Your career prospects are at least what they were before you started your
company, but you will have to answer much different questions than most
people.

1\. People will be concerned that you don't want to work for anyone else. It
is important to remind the people that you meet with that you were willing to
take on many, many more bosses than a typical employee. Customers, investors,
future employees etc. You can talk about how you helped them etc.

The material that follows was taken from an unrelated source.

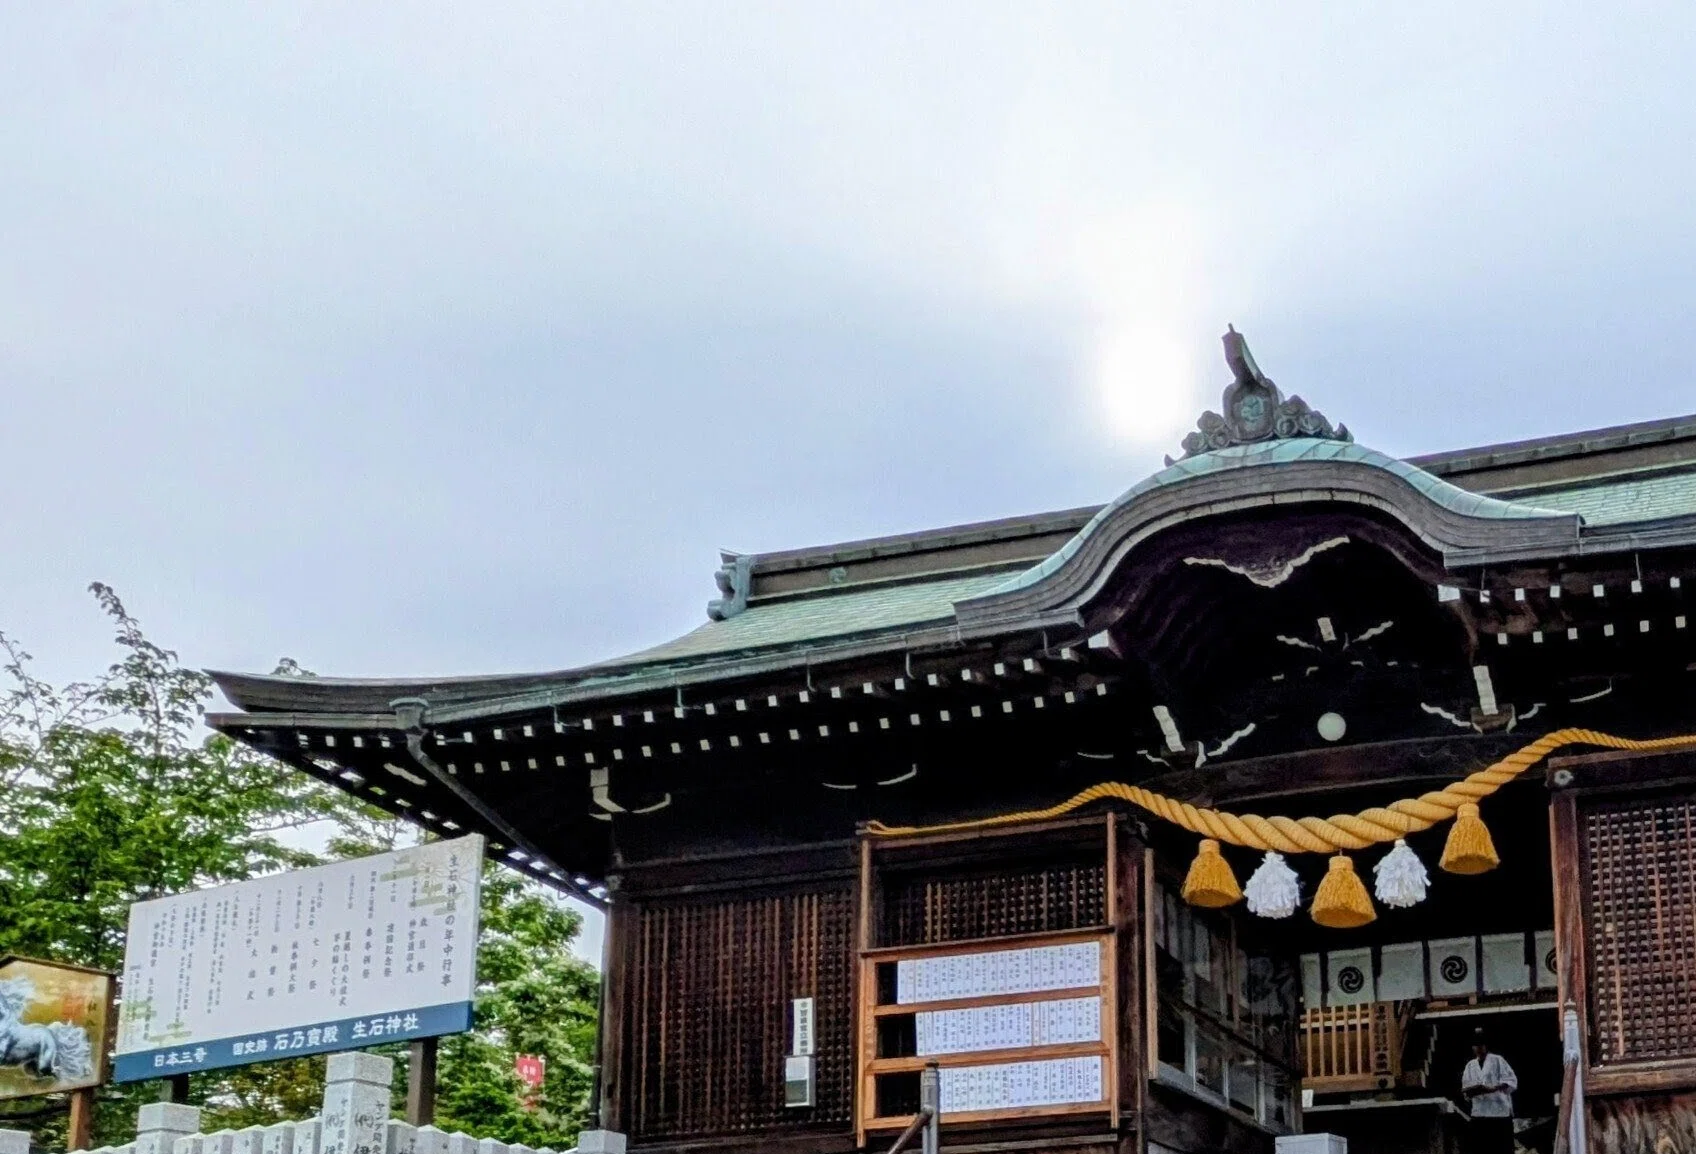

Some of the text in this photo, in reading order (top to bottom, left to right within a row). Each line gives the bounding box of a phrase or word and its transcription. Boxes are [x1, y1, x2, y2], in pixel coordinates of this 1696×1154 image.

[441, 854, 459, 987] 生石神社の年中行事
[352, 1013, 420, 1040] 生石神社

2\. If you are a developer, there a lots of options. Business is harder, but
there will be life after your startup. (I can code a tiny amount but I am not
a real developer. I am really knowledgeable about finance and financial
modeling. It took me about 30 days to find something in finance... more on
this below)

3\. When I decided to shutdown my company, I emailed basically everyone I had
talked to about the company and told them first that I decided to shut it down
and thanked them for their previous help. I did it because it was the right
thing to do, but it actually helped a lot in my search because people all
offered intros when I asked later on.

4\. Asking for intros is the way to go. Find companies that you like and find
a 2nd connection there or 1st connection there. If it is a 1st connection,
tell them you would like to grab a coffee with them to get information about
their experience at the company you are interested in. If you have someone who
is a 2nd connection at a company you are interested in, ask the intermediary
connection for an intro. Most people will happily help!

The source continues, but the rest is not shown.